* _ABOUT THIS EXERCISE_: An exact reproduction of all the entries is the expected answer.

* _MATERIAL FOR THIS EXERCISE_:

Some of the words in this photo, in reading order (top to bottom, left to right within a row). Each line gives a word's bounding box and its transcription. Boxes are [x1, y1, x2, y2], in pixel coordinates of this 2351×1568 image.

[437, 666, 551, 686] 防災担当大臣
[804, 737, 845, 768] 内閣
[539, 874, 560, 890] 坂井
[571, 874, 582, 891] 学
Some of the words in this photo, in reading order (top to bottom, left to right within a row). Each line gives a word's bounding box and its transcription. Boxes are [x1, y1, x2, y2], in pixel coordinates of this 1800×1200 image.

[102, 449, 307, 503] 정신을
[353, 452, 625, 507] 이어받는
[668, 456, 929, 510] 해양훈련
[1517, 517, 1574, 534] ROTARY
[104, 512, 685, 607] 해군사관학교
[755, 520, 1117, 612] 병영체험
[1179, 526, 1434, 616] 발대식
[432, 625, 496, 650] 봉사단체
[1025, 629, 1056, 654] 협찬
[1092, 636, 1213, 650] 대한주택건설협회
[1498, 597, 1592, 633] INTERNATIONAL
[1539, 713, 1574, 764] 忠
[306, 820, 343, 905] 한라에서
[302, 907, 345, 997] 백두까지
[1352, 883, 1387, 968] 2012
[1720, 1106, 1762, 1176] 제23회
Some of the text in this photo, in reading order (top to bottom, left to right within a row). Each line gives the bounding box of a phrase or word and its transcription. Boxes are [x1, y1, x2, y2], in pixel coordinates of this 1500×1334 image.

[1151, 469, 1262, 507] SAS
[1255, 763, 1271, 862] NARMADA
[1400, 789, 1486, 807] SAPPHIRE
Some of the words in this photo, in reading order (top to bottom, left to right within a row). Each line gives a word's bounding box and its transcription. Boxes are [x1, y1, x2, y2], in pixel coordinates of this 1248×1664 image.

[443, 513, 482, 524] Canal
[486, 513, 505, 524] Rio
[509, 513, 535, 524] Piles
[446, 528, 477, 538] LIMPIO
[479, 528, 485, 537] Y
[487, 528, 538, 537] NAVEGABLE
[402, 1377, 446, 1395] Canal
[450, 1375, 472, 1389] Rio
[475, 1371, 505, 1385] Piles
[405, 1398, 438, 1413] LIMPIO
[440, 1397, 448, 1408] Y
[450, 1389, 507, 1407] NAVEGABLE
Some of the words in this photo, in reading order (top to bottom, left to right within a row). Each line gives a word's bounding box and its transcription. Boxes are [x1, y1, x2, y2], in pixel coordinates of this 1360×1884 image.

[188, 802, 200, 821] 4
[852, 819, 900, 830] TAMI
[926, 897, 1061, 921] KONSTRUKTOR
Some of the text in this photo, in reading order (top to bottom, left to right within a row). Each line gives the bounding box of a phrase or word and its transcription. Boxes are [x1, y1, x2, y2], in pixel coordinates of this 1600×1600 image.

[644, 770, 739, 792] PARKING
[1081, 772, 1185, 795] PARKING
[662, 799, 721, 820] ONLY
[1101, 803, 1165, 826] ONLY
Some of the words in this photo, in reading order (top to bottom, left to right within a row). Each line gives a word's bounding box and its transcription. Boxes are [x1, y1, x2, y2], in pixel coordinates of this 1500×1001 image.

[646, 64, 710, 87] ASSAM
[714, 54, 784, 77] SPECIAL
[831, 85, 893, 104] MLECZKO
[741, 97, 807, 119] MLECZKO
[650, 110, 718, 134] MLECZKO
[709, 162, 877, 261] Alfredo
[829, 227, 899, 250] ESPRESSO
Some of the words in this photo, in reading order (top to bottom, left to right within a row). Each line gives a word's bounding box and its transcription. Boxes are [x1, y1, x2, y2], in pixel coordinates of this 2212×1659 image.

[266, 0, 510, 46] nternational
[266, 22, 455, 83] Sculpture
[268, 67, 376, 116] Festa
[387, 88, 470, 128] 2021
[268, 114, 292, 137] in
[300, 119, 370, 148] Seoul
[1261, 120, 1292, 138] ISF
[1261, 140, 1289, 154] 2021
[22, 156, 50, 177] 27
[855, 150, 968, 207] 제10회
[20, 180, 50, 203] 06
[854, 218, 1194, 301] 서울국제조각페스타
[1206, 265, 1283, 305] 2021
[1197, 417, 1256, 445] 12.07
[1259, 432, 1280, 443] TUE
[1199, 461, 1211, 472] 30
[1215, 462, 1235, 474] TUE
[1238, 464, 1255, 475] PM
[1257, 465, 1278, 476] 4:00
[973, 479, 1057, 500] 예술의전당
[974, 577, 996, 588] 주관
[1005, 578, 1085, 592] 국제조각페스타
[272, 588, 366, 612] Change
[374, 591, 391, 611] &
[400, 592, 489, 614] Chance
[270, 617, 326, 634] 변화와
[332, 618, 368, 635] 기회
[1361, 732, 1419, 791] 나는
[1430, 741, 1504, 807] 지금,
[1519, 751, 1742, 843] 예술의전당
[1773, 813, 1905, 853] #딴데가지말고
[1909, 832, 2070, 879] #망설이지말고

* _REPLY TO THE EXERCISE_:
Some of the words in this photo, in reading order (top to bottom, left to right within a row). Each line gives a word's bounding box and its transcription. Boxes are [x1, y1, x2, y2], in pixel coordinates of this 2351×1568 image.

[437, 666, 551, 686] 防災担当大臣
[804, 737, 845, 768] 内閣
[539, 874, 560, 890] 坂井
[571, 874, 582, 891] 学
Some of the words in this photo, in reading order (top to bottom, left to right within a row). Each line gives a word's bounding box and its transcription. Boxes are [x1, y1, x2, y2], in pixel coordinates of this 1800×1200 image.

[102, 449, 307, 503] 정신을
[353, 452, 625, 507] 이어받는
[668, 456, 929, 510] 해양훈련
[1517, 517, 1574, 534] ROTARY
[104, 512, 685, 607] 해군사관학교
[755, 520, 1117, 612] 병영체험
[1179, 526, 1434, 616] 발대식
[432, 625, 496, 650] 봉사단체
[1025, 629, 1056, 654] 협찬
[1092, 636, 1213, 650] 대한주택건설협회
[1498, 597, 1592, 633] INTERNATIONAL
[1539, 713, 1574, 764] 忠
[306, 820, 343, 905] 한라에서
[302, 907, 345, 997] 백두까지
[1352, 883, 1387, 968] 2012
[1720, 1106, 1762, 1176] 제23회
Some of the text in this photo, in reading order (top to bottom, left to right within a row). Each line gives the bounding box of a phrase or word and its transcription. Boxes are [x1, y1, x2, y2], in pixel coordinates of this 1500×1334 image.

[1151, 469, 1262, 507] SAS
[1255, 763, 1271, 862] NARMADA
[1400, 789, 1486, 807] SAPPHIRE
Some of the words in this photo, in reading order (top to bottom, left to right within a row). Each line gives a word's bounding box and its transcription. Boxes are [x1, y1, x2, y2], in pixel coordinates of this 1248×1664 image.

[443, 513, 482, 524] Canal
[486, 513, 505, 524] Rio
[509, 513, 535, 524] Piles
[446, 528, 477, 538] LIMPIO
[479, 528, 485, 537] Y
[487, 528, 538, 537] NAVEGABLE
[402, 1377, 446, 1395] Canal
[450, 1375, 472, 1389] Rio
[475, 1371, 505, 1385] Piles
[405, 1398, 438, 1413] LIMPIO
[440, 1397, 448, 1408] Y
[450, 1389, 507, 1407] NAVEGABLE
Some of the words in this photo, in reading order (top to bottom, left to right within a row). Each line gives a word's bounding box and its transcription. Boxes are [x1, y1, x2, y2], in pixel coordinates of this 1360×1884 image.

[188, 802, 200, 821] 4
[852, 819, 900, 830] TAMI
[926, 897, 1061, 921] KONSTRUKTOR
Some of the text in this photo, in reading order (top to bottom, left to right within a row). Each line gives the bounding box of a phrase or word and its transcription. Boxes are [x1, y1, x2, y2], in pixel coordinates of this 1600×1600 image.

[644, 770, 739, 792] PARKING
[1081, 772, 1185, 795] PARKING
[662, 799, 721, 820] ONLY
[1101, 803, 1165, 826] ONLY
Some of the words in this photo, in reading order (top to bottom, left to right within a row). Each line gives a word's bounding box and its transcription. Boxes are [x1, y1, x2, y2], in pixel coordinates of this 1500×1001 image.

[646, 64, 710, 87] ASSAM
[714, 54, 784, 77] SPECIAL
[831, 85, 893, 104] MLECZKO
[741, 97, 807, 119] MLECZKO
[650, 110, 718, 134] MLECZKO
[709, 162, 877, 261] Alfredo
[829, 227, 899, 250] ESPRESSO
Some of the words in this photo, in reading order (top to bottom, left to right within a row). Each line gives a word's bounding box and its transcription. Boxes are [x1, y1, x2, y2], in pixel coordinates of this 2212×1659 image.

[266, 0, 510, 46] nternational
[266, 22, 455, 83] Sculpture
[268, 67, 376, 116] Festa
[387, 88, 470, 128] 2021
[268, 114, 292, 137] in
[300, 119, 370, 148] Seoul
[1261, 120, 1292, 138] ISF
[1261, 140, 1289, 154] 2021
[22, 156, 50, 177] 27
[855, 150, 968, 207] 제10회
[20, 180, 50, 203] 06
[854, 218, 1194, 301] 서울국제조각페스타
[1206, 265, 1283, 305] 2021
[1197, 417, 1256, 445] 12.07
[1259, 432, 1280, 443] TUE
[1199, 461, 1211, 472] 30
[1215, 462, 1235, 474] TUE
[1238, 464, 1255, 475] PM
[1257, 465, 1278, 476] 4:00
[973, 479, 1057, 500] 예술의전당
[974, 577, 996, 588] 주관
[1005, 578, 1085, 592] 국제조각페스타
[272, 588, 366, 612] Change
[374, 591, 391, 611] &
[400, 592, 489, 614] Chance
[270, 617, 326, 634] 변화와
[332, 618, 368, 635] 기회
[1361, 732, 1419, 791] 나는
[1430, 741, 1504, 807] 지금,
[1519, 751, 1742, 843] 예술의전당
[1773, 813, 1905, 853] #딴데가지말고
[1909, 832, 2070, 879] #망설이지말고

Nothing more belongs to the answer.